##### Records for processing

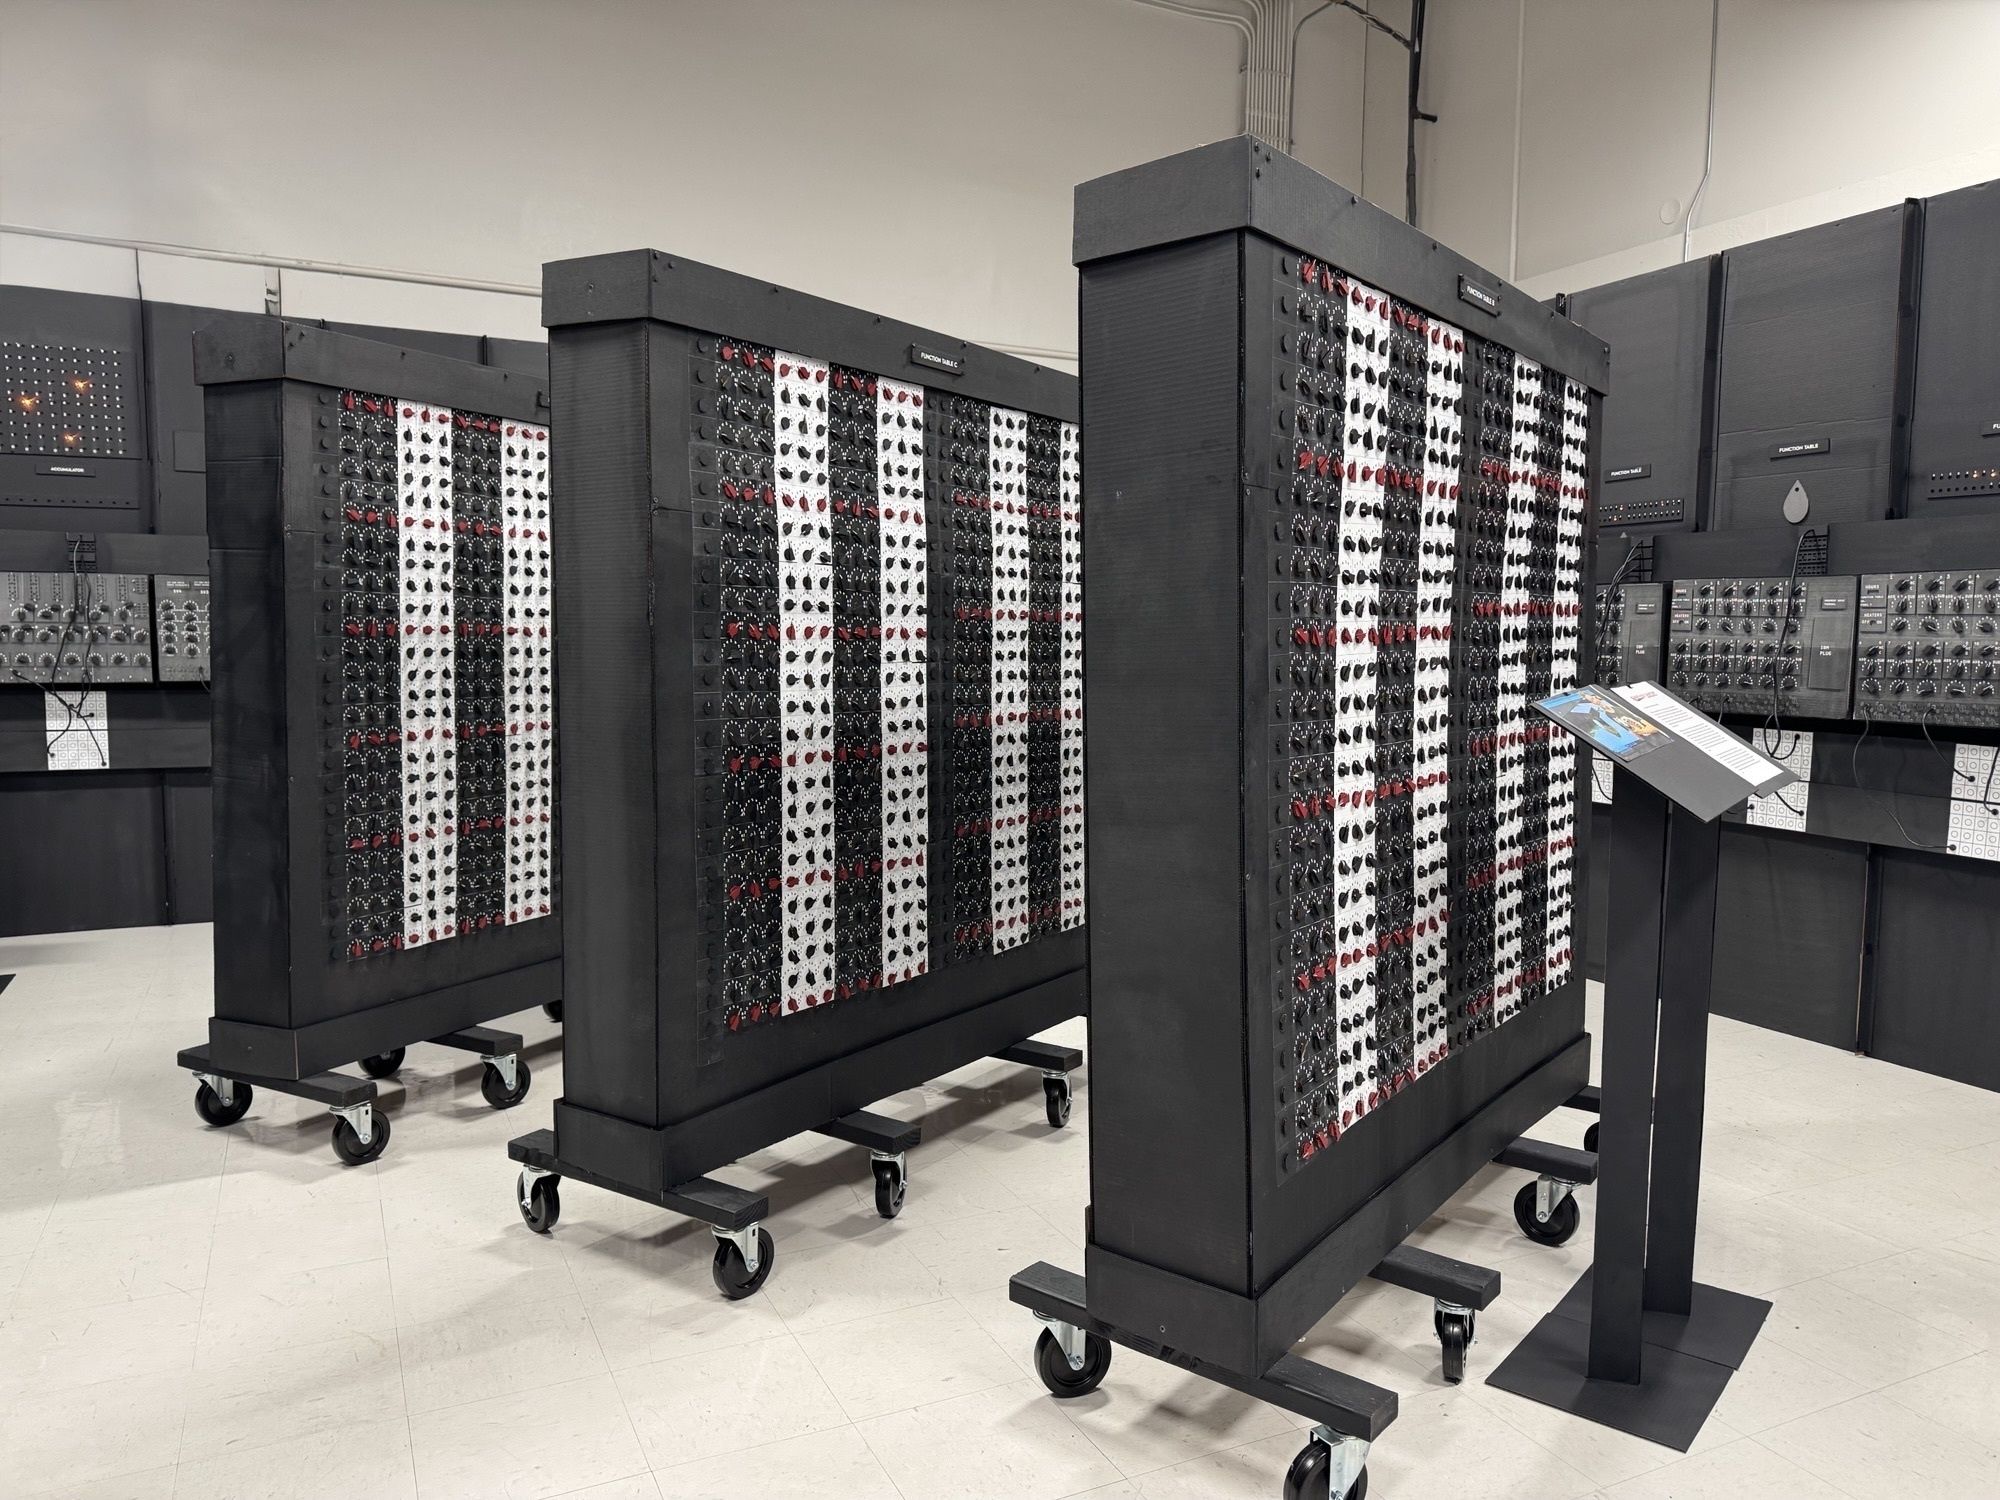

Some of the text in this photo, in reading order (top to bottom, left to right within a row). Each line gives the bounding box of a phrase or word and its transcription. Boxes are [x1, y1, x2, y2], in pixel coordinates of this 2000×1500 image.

[920, 352, 942, 363] FUNCTION
[941, 357, 953, 368] TABLE
[1778, 442, 1819, 453] FUNCTION TABLE
[1630, 466, 1642, 474] TABLE

##########

▶ _What you will do_:
Reproduce each line above precisely, with no pictures.

▶ _Task output_:
Some of the text in this photo, in reading order (top to bottom, left to right within a row). Each line gives the bounding box of a phrase or word and its transcription. Boxes are [x1, y1, x2, y2], in pixel coordinates of this 2000×1500 image.

[920, 352, 942, 363] FUNCTION
[941, 357, 953, 368] TABLE
[1778, 442, 1819, 453] FUNCTION TABLE
[1630, 466, 1642, 474] TABLE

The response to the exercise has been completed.